Márta conducted. ‘One, two. One, two. Deep breaths. Slowly.’
Miklós’s chest was rising and falling regularly. One, two. One, two.
‘Slowly. Deep breaths.’
My dearest little Lili,
I’m not stupid, I know that the illness that keeps me here will gradually disappear. But I also know my fellow patients. I hear the terrible pity in their voices when they say, ‘It’s his lungs.’
It was November and an icy wind blew leaves around the Eksjö hospital. There was an open, circular pavilion in its grounds, an attractive building with a dark green wooden roof supported by graceful white pillars. For Lili, forbidden to leave the grounds during the week, this pavilion was a refuge. When she couldn’t stand the smell of the hospital any longer she escaped there. On fine days she leaned against a column and bathed her face in the fitful sunshine.

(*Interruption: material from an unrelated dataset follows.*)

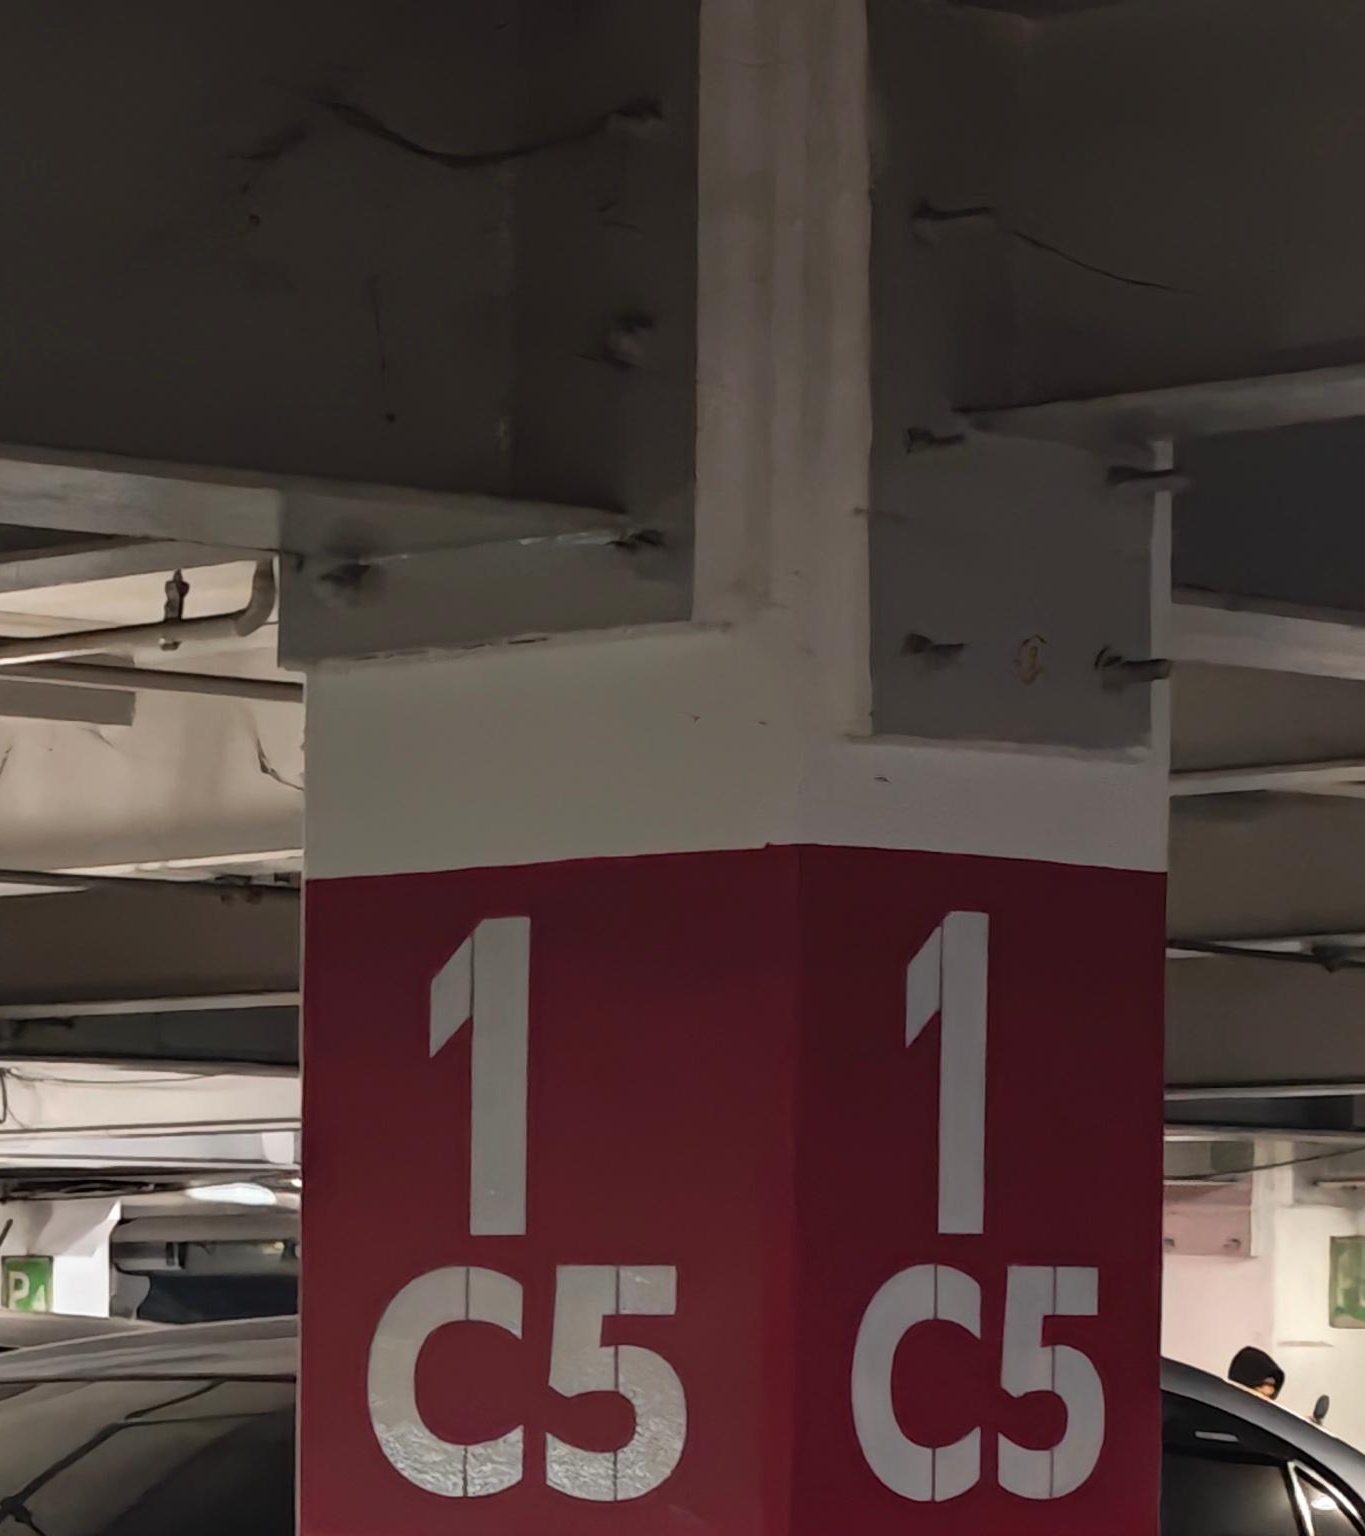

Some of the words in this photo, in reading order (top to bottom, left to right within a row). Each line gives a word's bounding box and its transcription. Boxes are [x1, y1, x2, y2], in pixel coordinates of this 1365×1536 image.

But now, hostile winds were blowing. In their dejection, Lili and Sára were walking obsessively round and round the columns in their thick woollen uniforms.
My dear Miklós,
I am very cross with you! How can a serious, intelligent man of twenty-five be so foolish? Isn’t it enough for you that I am fully aware of your
illness and can hardly wait to meet you?
Late one afternoon, two men in suits and ties arrived in Avesta and were taken straight to the Hungarian section. It turned out they were from the Hungarian embassy. One of them held up a radio bound with a ribbon, and the other made an announcement.
‘This radio has been sent to you, on loan, by the Orion factory in Hungary. Happy listening!’
Tibor Hirsch accepted the radio on behalf of the men. ‘Thank you! News from home is more effective than any medicine.’
They put the radio on a table and my father looked for a socket. Harry switched it on. The tuning eye glistened green, and the radio crackled and hissed.
‘Search for Budapest,’ ordered one of the suited men.
Within half a minute they could all hear Hungarian. ‘Dear listeners, it is five minutes past five. We are transmitting a message to Hungarians abroad from Sándor Millok, Minister for Repatriation. “Every Hungarian scattered around the world who is listening to this program should know that we are thinking of them and have not forgotten them. In the next few minutes I will outline to them and to our listeners at home the regulations devised to simplify the administrative requirements for our compatriots’ return home.”’
That evening the men sat out in the courtyard with the radio on the long wooden table. The light bulb swung eerily in the wind. The men usually spent half an hour before bed in the open air. By now they had been playing the radio for six hours without a break. They had put on sweaters and coats over their pyjamas and wrapped blankets around themselves. They sat right up close to the radio. The green tuning light winked like the eye of an elf.
They were listening to Senator Claude Pepper talking from Washington. The Hungarian presenter whispered his translation every few sentences. Then they listened to the news from Budapest. The fragments of sound whirled around in their heads like the wind sweeping down from the North Pole.